(Beginning of RECORDS FOR THIS EXERCISE)

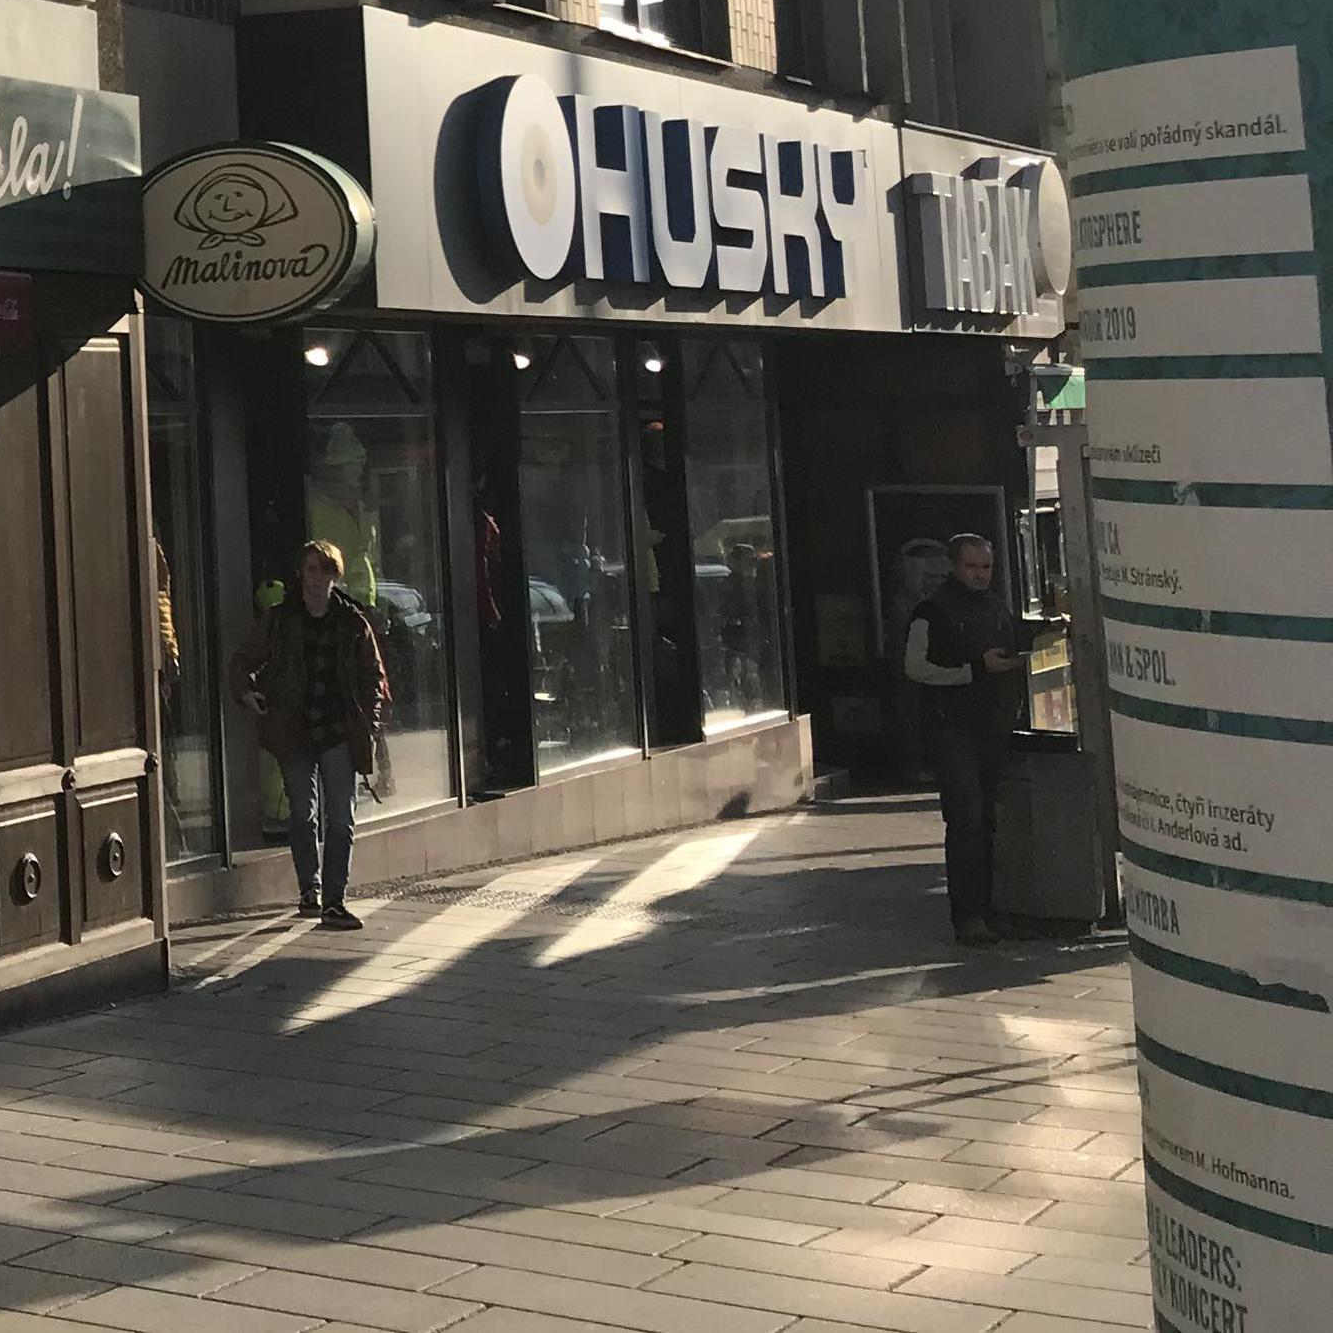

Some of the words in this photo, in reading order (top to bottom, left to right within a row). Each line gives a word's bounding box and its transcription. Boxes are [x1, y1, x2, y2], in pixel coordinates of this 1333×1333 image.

[1140, 120, 1201, 151] pořádný
[1205, 114, 1288, 142] skandál.
[571, 93, 867, 301] HUSKY
[1104, 306, 1137, 342] 2019
[1131, 566, 1182, 595] Stránský.
[1208, 799, 1276, 834] inzeráty
[1158, 817, 1219, 847] Anderlová
[1222, 831, 1248, 854] ad.
[1211, 1155, 1296, 1201] Hofmanna.
[1163, 1213, 1243, 1293] LEADERS:
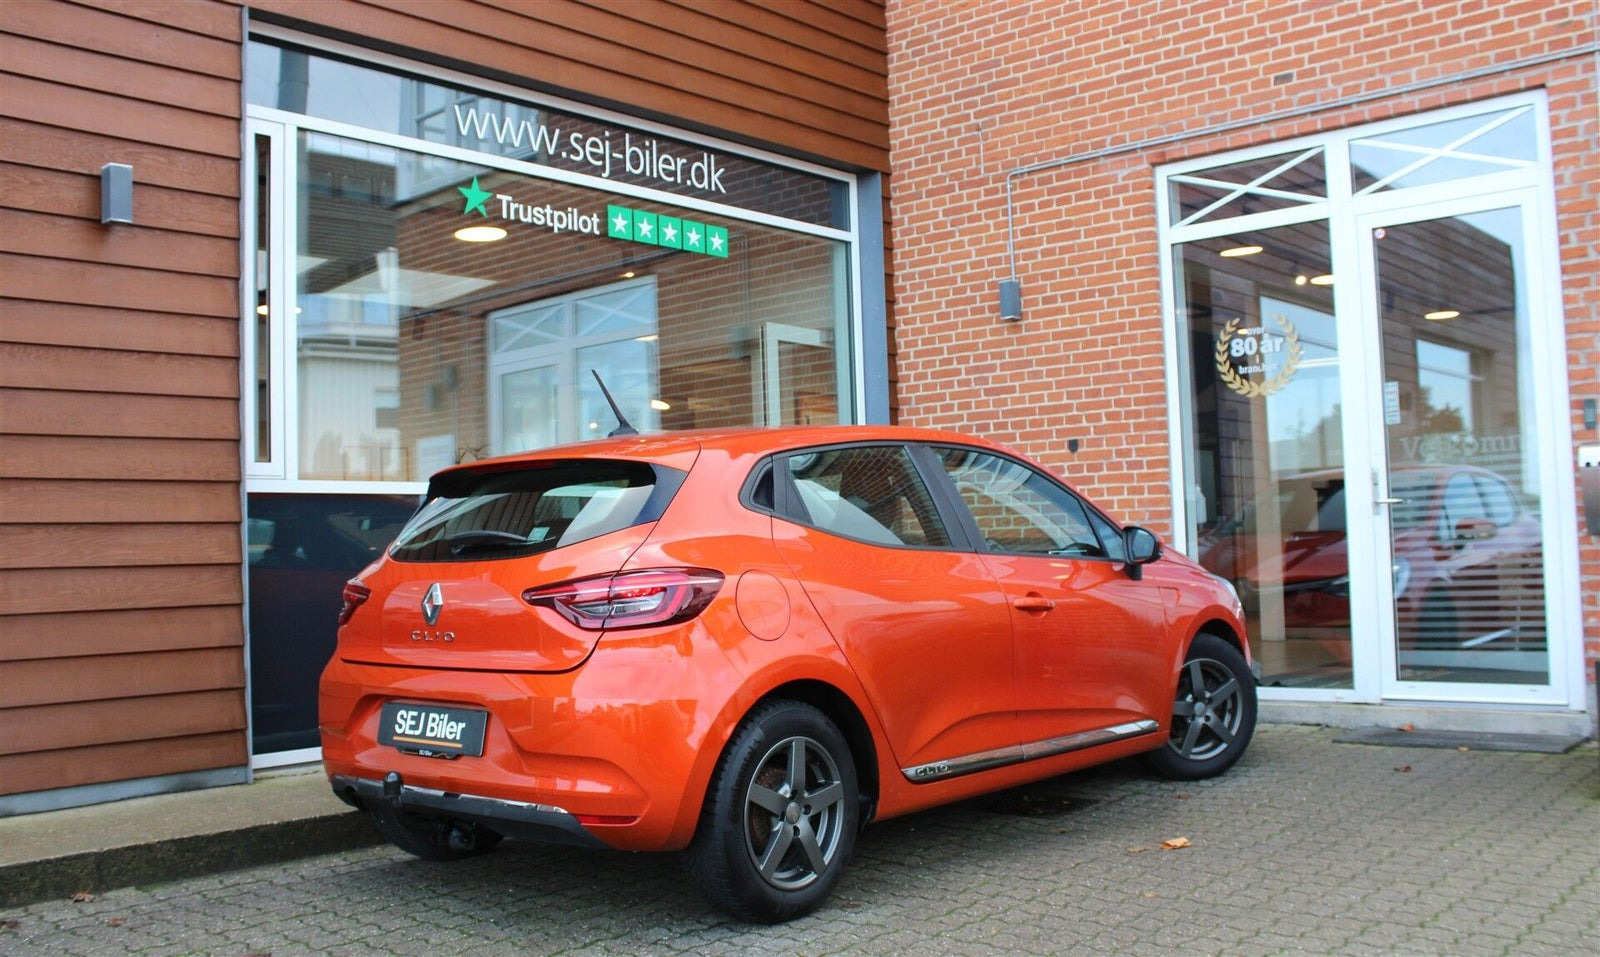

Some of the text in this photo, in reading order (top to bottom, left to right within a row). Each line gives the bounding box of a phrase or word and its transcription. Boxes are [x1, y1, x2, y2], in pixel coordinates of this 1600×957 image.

[454, 104, 727, 194] www.sej-biler.dk
[496, 193, 600, 235] Trustpilot
[1230, 333, 1283, 357] 80 år
[411, 630, 455, 641] CLIO
[394, 709, 466, 740] SEJ Biler
[915, 764, 948, 776] CLIO

(End of RECORDS FOR THIS EXERCISE)

# YOUR GOAL:
From the material above, copy everything exactly but the pictures.

# RESPONSE AREA:
Some of the words in this photo, in reading order (top to bottom, left to right within a row). Each line gives a word's bounding box and its transcription. Boxes are [x1, y1, x2, y2], in pixel coordinates of this 1333×1333 image.

[1140, 120, 1201, 151] pořádný
[1205, 114, 1288, 142] skandál.
[571, 93, 867, 301] HUSKY
[1104, 306, 1137, 342] 2019
[1131, 566, 1182, 595] Stránský.
[1208, 799, 1276, 834] inzeráty
[1158, 817, 1219, 847] Anderlová
[1222, 831, 1248, 854] ad.
[1211, 1155, 1296, 1201] Hofmanna.
[1163, 1213, 1243, 1293] LEADERS:

Some of the text in this photo, in reading order (top to bottom, left to right within a row). Each line gives the bounding box of a phrase or word and its transcription. Boxes are [x1, y1, x2, y2], in pixel coordinates of this 1600×957 image.

[454, 104, 727, 194] www.sej-biler.dk
[496, 193, 600, 235] Trustpilot
[1230, 333, 1283, 357] 80 år
[411, 630, 455, 641] CLIO
[394, 709, 466, 740] SEJ Biler
[915, 764, 948, 776] CLIO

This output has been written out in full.